Hello, my name is Christine Parr Vitter. I live in Terrebonne Parish where I am a public school teacher. Our family is connected to the metabolic disorder community through our youngest daughter. She was diagnosed with VLCAD. Very-long-chain acyl-CoA dehydrogenase deficiency (VLCAD) is a condition in which the body is unable to break down certain fats. It is considered a fatty acid oxidation condition because people affected by VLCAD are unable to convert some of the fats they eat into energy the body needs to function.
I became involved with the Louisiana Metabolic Disorders Coalition because my hopes are to educate others about my daughter’s rare invisible disorder, VLCAD. Also, so that when other families go through the process of being diagnosed they have a place to find support and answers. The time between being told that your child possibly tested positive for something through the newborn screening until the time you are able to make an appointment with a specialist can seem very long. This gives these families a place to get information from individuals who have experiences, knowledge and support that they can give.

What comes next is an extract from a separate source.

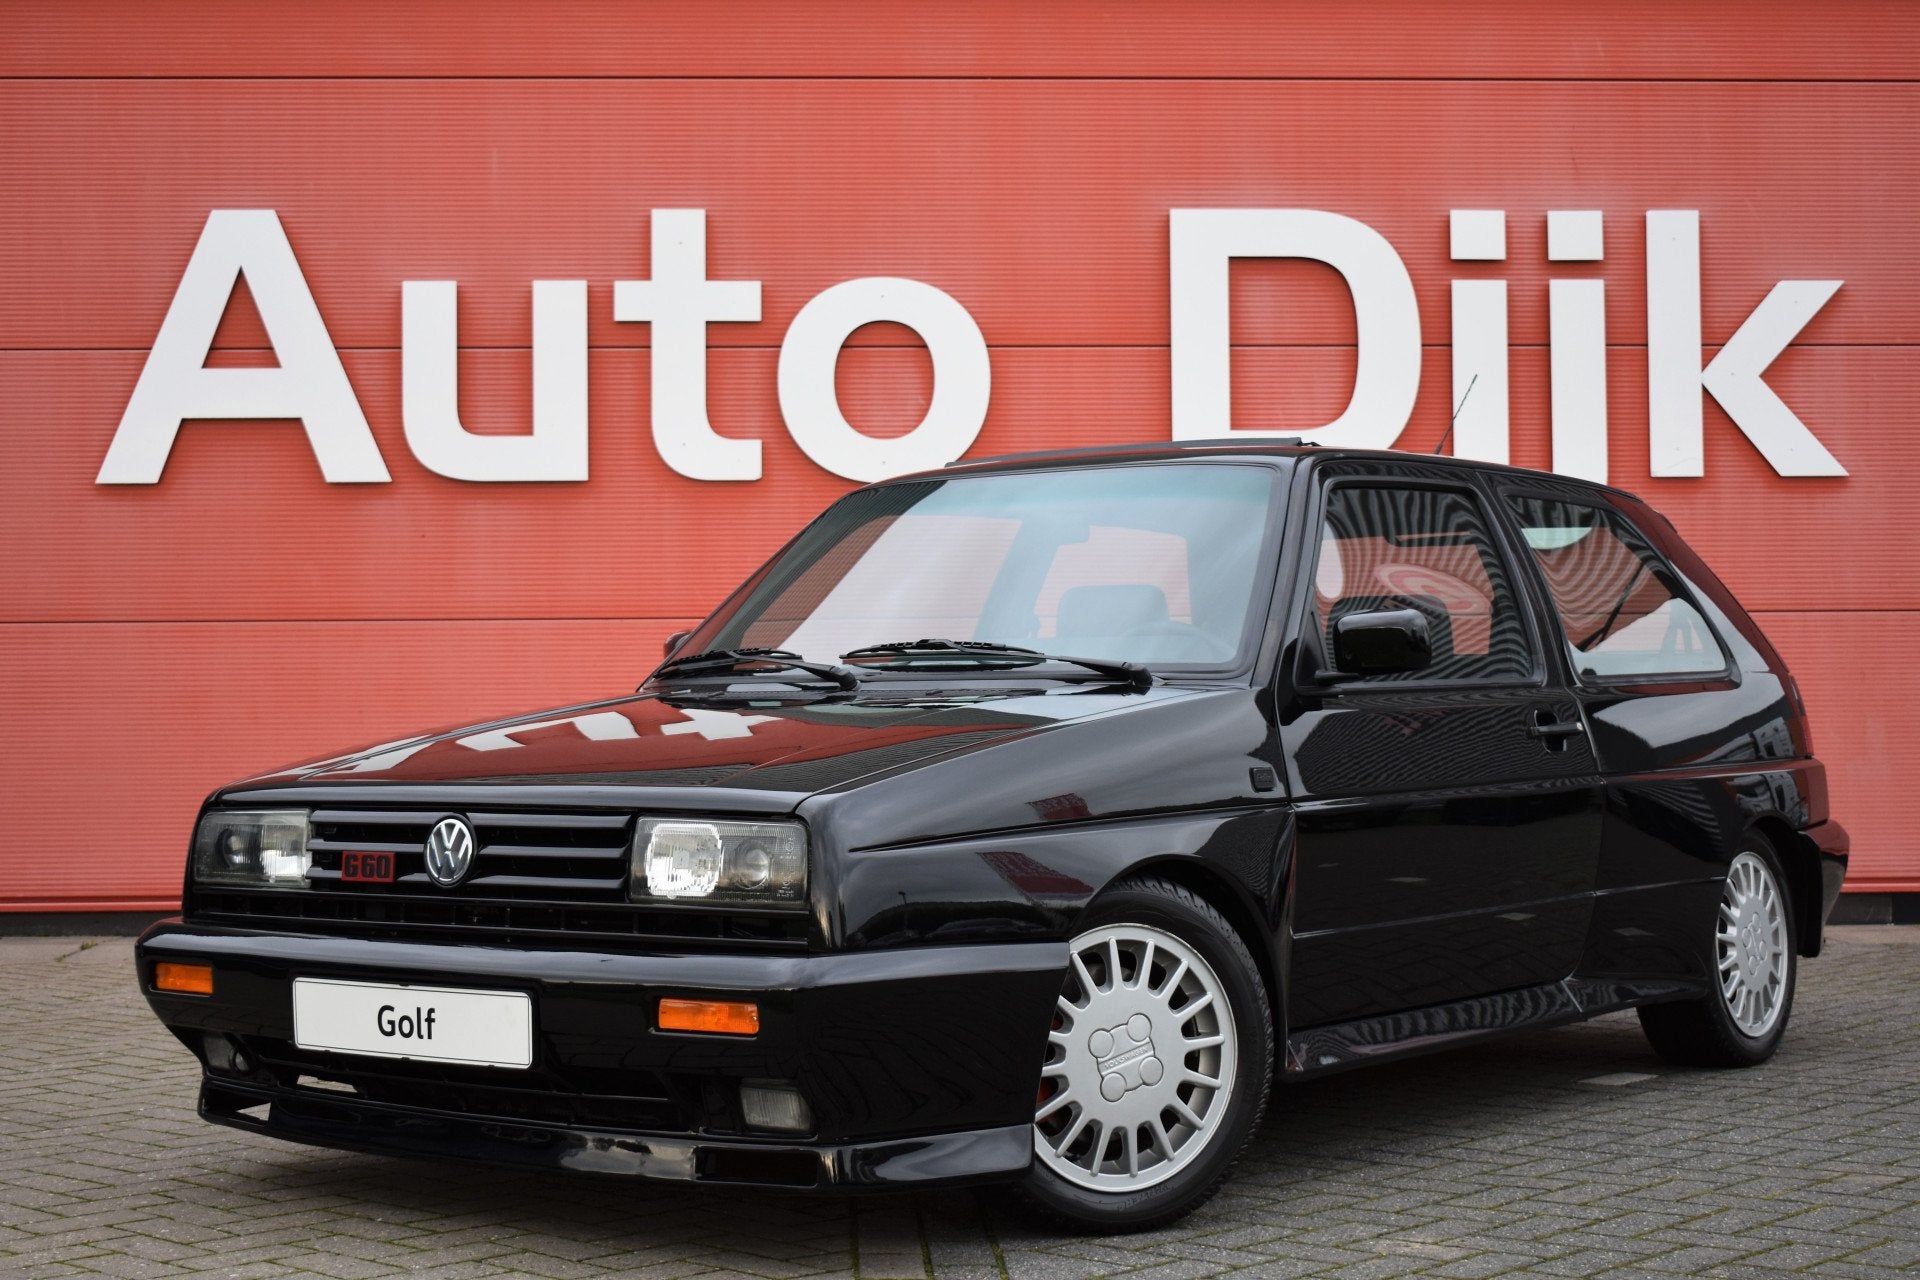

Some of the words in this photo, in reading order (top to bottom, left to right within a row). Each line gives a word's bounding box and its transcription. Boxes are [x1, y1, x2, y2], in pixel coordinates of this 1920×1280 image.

I think it is important families that get diagnosed with this and other rare metabolic disorders to be in contact with other families that are going through the same type of experiences for support. Through talking to other families and patients with this disorder, my daughter and I, have made new friends, chatted about issues that we have gone through and brainstormed solutions to ongoing problems. These are unique friendships that can be irreplaceable.

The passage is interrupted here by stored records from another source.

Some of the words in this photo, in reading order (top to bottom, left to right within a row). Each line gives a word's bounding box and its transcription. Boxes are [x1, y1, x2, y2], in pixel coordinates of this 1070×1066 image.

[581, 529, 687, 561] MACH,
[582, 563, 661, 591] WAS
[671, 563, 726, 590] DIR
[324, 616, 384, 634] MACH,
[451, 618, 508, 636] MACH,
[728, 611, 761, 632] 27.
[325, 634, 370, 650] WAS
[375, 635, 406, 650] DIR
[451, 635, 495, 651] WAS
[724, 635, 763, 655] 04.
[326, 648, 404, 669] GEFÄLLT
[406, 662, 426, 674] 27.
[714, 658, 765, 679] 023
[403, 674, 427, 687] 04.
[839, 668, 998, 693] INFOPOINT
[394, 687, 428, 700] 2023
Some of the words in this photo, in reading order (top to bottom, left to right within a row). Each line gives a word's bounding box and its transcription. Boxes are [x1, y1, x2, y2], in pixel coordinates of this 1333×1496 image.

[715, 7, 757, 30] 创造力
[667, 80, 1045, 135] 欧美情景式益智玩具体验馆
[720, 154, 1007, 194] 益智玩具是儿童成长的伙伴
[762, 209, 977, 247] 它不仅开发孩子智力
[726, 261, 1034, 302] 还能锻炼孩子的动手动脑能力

Since joining this organization, my daughter has met and chatted with a girl close to her age with VLCAD. We have a connection of someone who can offer hands-on experience and a lifelong connection. My goal is to make more connections, spread knowledge about rare diseases and to keep advocating for these disorders.
When my daughter was first diagnosed, it was very stressful. I took a medical leave from work as she required care around the clock. At some point, I had to go to the doctor myself and was diagnosed with complications due to exhaustion. I was able to rely on our extended family and close friends to help out when they could. The grandparents took an active role by taking turns watching her so I could sleep/shower/rest; bring over-cooked meals, watching her older sister, helping with household chores, etc. I had to make myself go out and do things once I felt comfortable leaving her for period of time. For a very short time I found that scrapbooking helped to relax me and gave me something to do.

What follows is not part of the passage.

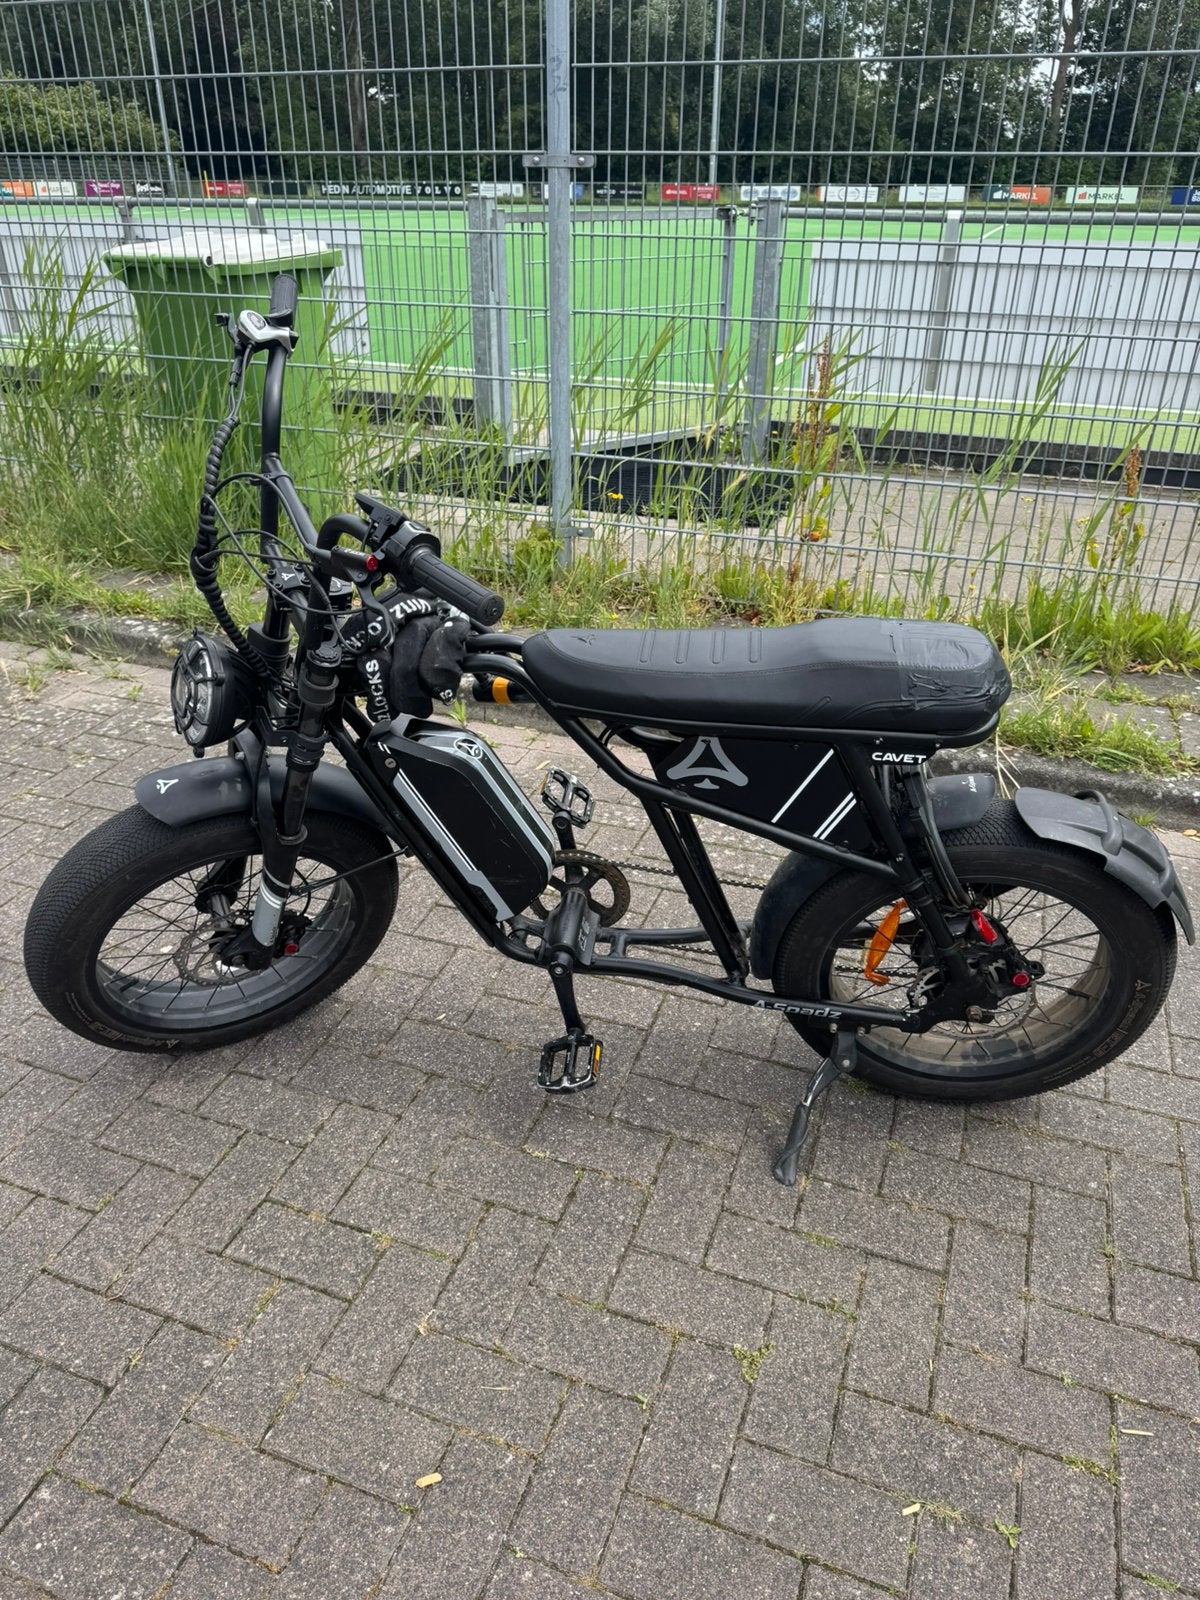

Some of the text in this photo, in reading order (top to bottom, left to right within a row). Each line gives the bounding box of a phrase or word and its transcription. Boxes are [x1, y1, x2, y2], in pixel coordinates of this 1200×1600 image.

I would love for others to take this disorder seriously. So many people tell me that she looks “normal” and that there does not seem to be anything wrong with her. Most of the time she acts/looks like a “normal” little girl but her body works differently that most others. When she is ill or not eating correctly her health can decline extremely quickly. We carry an ER letter of protocol with us in case of emergencies but even with the letter we have had issues with hospitals not wanting to admit us. We have been sent to a New Orleans hospital by ambulance when she was young because of doctors in Terrebonne Parish not wanting to admit her to their hospital as so much is unknown about her disorder.